- [GIVEN DATA]:

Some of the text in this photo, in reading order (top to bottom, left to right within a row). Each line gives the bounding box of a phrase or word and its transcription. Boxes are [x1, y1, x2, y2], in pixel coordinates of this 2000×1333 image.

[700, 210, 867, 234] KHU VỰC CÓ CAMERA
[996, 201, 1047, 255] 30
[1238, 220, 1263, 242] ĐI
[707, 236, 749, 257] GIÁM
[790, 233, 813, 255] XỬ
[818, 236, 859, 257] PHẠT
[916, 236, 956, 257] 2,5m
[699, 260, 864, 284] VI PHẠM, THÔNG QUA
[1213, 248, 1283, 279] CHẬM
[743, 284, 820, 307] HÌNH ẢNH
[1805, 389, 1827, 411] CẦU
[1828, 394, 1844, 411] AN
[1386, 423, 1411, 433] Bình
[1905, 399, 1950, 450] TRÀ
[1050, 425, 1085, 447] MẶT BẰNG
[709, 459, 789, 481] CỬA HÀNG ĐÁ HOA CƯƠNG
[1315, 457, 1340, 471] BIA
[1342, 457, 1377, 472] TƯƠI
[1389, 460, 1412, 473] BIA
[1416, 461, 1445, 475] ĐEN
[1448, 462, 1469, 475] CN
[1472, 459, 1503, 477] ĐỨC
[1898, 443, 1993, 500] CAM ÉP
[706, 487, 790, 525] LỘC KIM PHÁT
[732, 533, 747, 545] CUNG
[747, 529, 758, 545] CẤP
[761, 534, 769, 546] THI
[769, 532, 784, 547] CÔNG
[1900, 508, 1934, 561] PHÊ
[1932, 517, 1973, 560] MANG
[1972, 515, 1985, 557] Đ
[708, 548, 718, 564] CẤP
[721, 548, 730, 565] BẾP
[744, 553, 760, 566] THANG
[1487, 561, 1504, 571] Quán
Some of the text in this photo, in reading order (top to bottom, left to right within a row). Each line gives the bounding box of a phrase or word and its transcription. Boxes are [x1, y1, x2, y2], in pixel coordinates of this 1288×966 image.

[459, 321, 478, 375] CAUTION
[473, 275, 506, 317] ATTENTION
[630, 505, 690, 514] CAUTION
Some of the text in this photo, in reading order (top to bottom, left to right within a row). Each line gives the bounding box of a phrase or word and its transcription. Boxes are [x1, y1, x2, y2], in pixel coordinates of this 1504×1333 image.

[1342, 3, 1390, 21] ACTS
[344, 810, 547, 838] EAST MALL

- [WHAT TO PRODUCE]: Extract all of the data above and output it character for character.

- [TASK OUTPUT]:
Some of the text in this photo, in reading order (top to bottom, left to right within a row). Each line gives the bounding box of a phrase or word and its transcription. Boxes are [x1, y1, x2, y2], in pixel coordinates of this 2000×1333 image.

[700, 210, 867, 234] KHU VỰC CÓ CAMERA
[996, 201, 1047, 255] 30
[1238, 220, 1263, 242] ĐI
[707, 236, 749, 257] GIÁM
[790, 233, 813, 255] XỬ
[818, 236, 859, 257] PHẠT
[916, 236, 956, 257] 2,5m
[699, 260, 864, 284] VI PHẠM, THÔNG QUA
[1213, 248, 1283, 279] CHẬM
[743, 284, 820, 307] HÌNH ẢNH
[1805, 389, 1827, 411] CẦU
[1828, 394, 1844, 411] AN
[1386, 423, 1411, 433] Bình
[1905, 399, 1950, 450] TRÀ
[1050, 425, 1085, 447] MẶT BẰNG
[709, 459, 789, 481] CỬA HÀNG ĐÁ HOA CƯƠNG
[1315, 457, 1340, 471] BIA
[1342, 457, 1377, 472] TƯƠI
[1389, 460, 1412, 473] BIA
[1416, 461, 1445, 475] ĐEN
[1448, 462, 1469, 475] CN
[1472, 459, 1503, 477] ĐỨC
[1898, 443, 1993, 500] CAM ÉP
[706, 487, 790, 525] LỘC KIM PHÁT
[732, 533, 747, 545] CUNG
[747, 529, 758, 545] CẤP
[761, 534, 769, 546] THI
[769, 532, 784, 547] CÔNG
[1900, 508, 1934, 561] PHÊ
[1932, 517, 1973, 560] MANG
[1972, 515, 1985, 557] Đ
[708, 548, 718, 564] CẤP
[721, 548, 730, 565] BẾP
[744, 553, 760, 566] THANG
[1487, 561, 1504, 571] Quán
Some of the text in this photo, in reading order (top to bottom, left to right within a row). Each line gives the bounding box of a phrase or word and its transcription. Boxes are [x1, y1, x2, y2], in pixel coordinates of this 1288×966 image.

[459, 321, 478, 375] CAUTION
[473, 275, 506, 317] ATTENTION
[630, 505, 690, 514] CAUTION
Some of the text in this photo, in reading order (top to bottom, left to right within a row). Each line gives the bounding box of a phrase or word and its transcription. Boxes are [x1, y1, x2, y2], in pixel coordinates of this 1504×1333 image.

[1342, 3, 1390, 21] ACTS
[344, 810, 547, 838] EAST MALL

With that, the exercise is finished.